Back then, he relied mostly on raw talent, Jornet said. “I train much better now, I know I need to prepare specifically and put in the work.”

But does he ever just kick back and spend a weekend sprawled on the couch, a remote in one hand and a bowl of ice cream in the other?

“For me, that’s not relaxing,” he said, recalling the time he and his wife, Emelie Forsberg, also a world champion runner and skier, tried to take a normal vacation.

They had just completed a race on Reunion Island, off the coast of Madagascar, when they decided to spend a week on the nearby tropical island of Mauritius.

“We said we’d just sit on the beach and read books, and that’s all,” Jornet said. But by the end of the first day they looked at each other and wondered if they should change their flight to get back to running and skiing in the mountains. “It was like, yes, yes, yes for both of us,” Jornet said.

Spanish mountaineer Kilian Jornet in the Sierra Nevada range known as the Normans 13.

Spanish mountaineer Kilian Jornet in the Sierra Nevada range known as the Normans 13, which connects 13 summits over 14,000 feet.

(Andy Cochrane)

After years living in Chamonix, France, a hard-partying resort in the Alps regarded as the mountain sports capital of the world, Jornet and Forsberg moved to a house by a remote fjord in Norway. It’s a quiet place to raise their three young children, grow their own vegetables and train in the surrounding mountains, some of which have no names.

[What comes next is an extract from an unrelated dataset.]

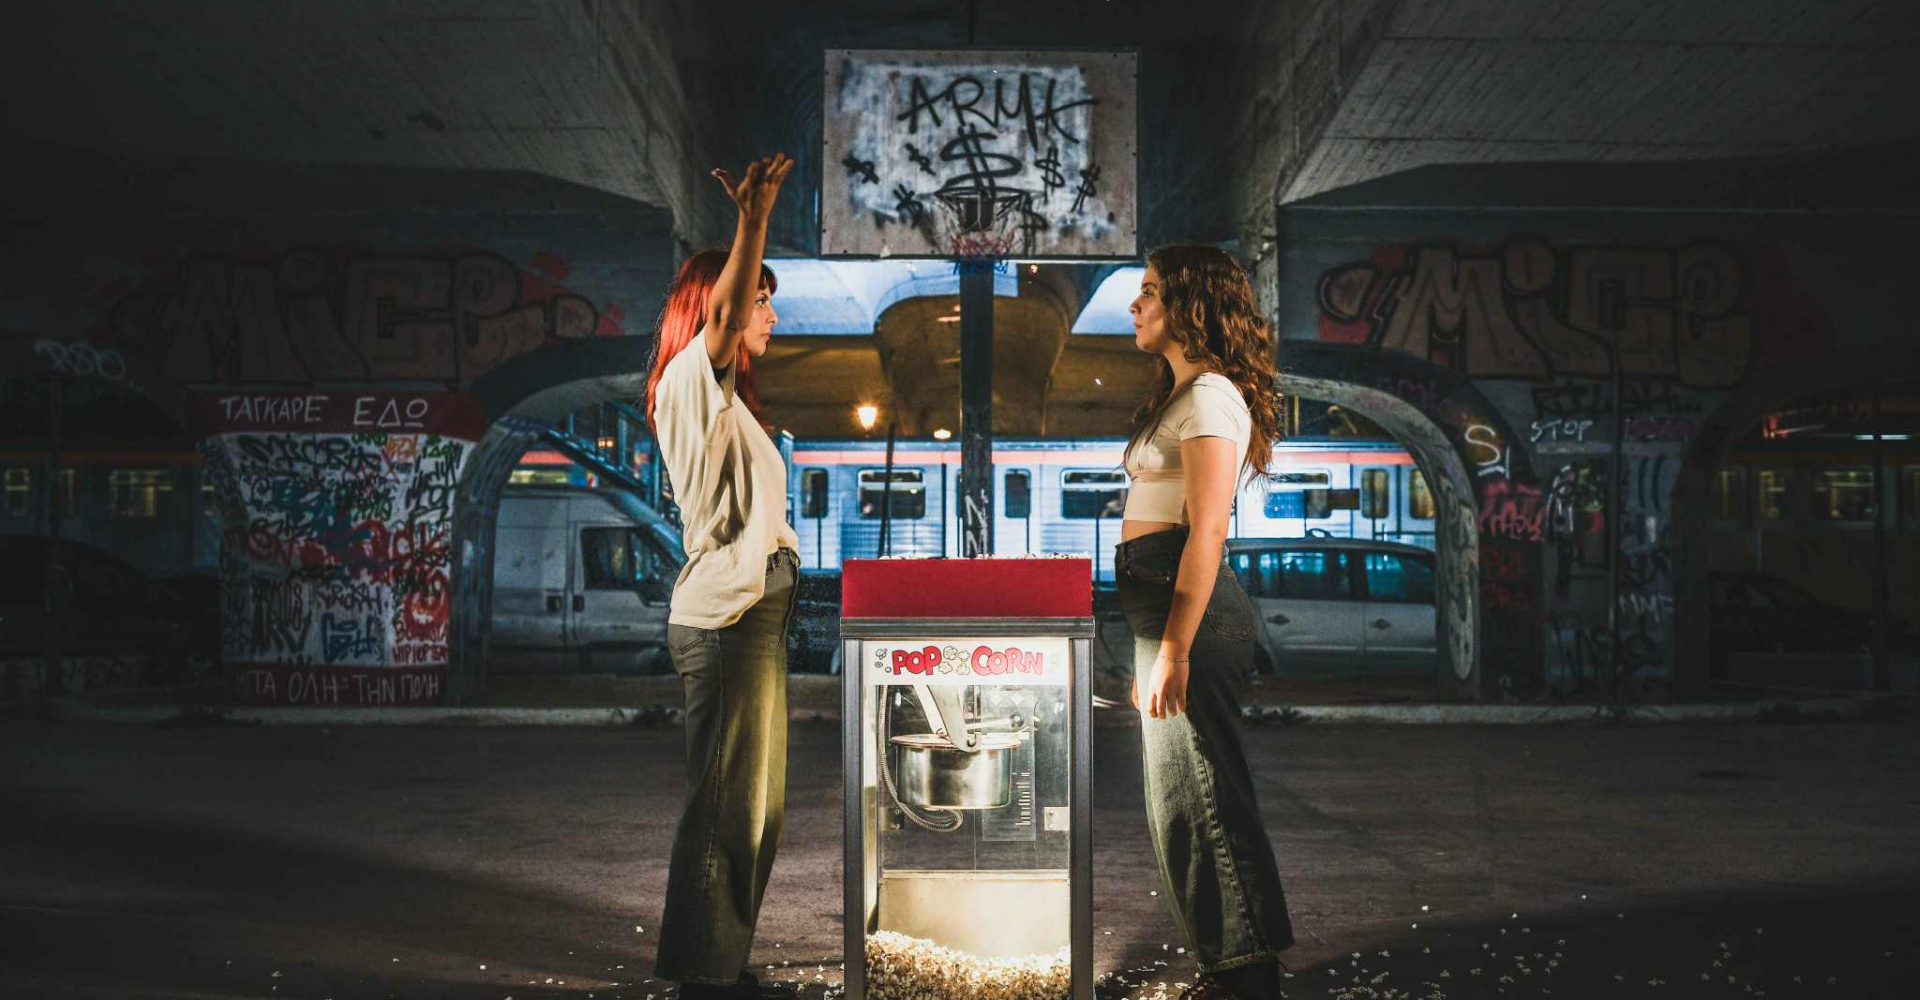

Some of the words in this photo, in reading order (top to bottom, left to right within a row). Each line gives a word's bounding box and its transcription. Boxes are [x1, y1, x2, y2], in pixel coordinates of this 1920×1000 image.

“Sometimes when you’re climbing Everest, or Mont Blanc, or Mt. Whitney, it’s like you’re climbing the famous name,” Jornet said. As he matures, he prefers climbing mountains simply “because they’re beautiful.”

But he still craves big challenges.

Last year, he climbed all 82 summits in the Alps over 4,000 meters (13,123 feet) in 19 days, traveling the 750 miles between them on foot and bicycle.

“This was, without any doubt, the most challenging thing I’ve ever done in my life, mentally, physically, and technically,” he wrote on social media. “But also maybe the most beautiful.”

That got him thinking even bigger, trying to imagine the most “aesthetic line” for a similar expedition in the United States.

After landing in Denver last month, he went straight to the trailhead for 14,256-foot Longs Peak. “But I really felt like crap,” he said, blaming a combination of jet lag and the air being so much drier in Colorado than in Norway.

For the first week, he wondered if he should just quit. But then, somewhere along the way, his body switched, “from fighting to adapting,” and he settled into a comfortable rhythm.

After summiting 56 mountains in Colorado, Jornet hopped on his bike and pedaled 900 miles to California, where 15 more high peaks awaited. At times, the headwind was so brutal he slowed to a maddening crawl, even when going downhill.

He’d also lost 10 pounds in the mountains and, at 5’7” and about 130 pounds, his slender frame has nothing to spare. So he spent much of his time on the bike shoveling calories — even spiking his water bottles with generous helpings of olive oil — to replace lost fat.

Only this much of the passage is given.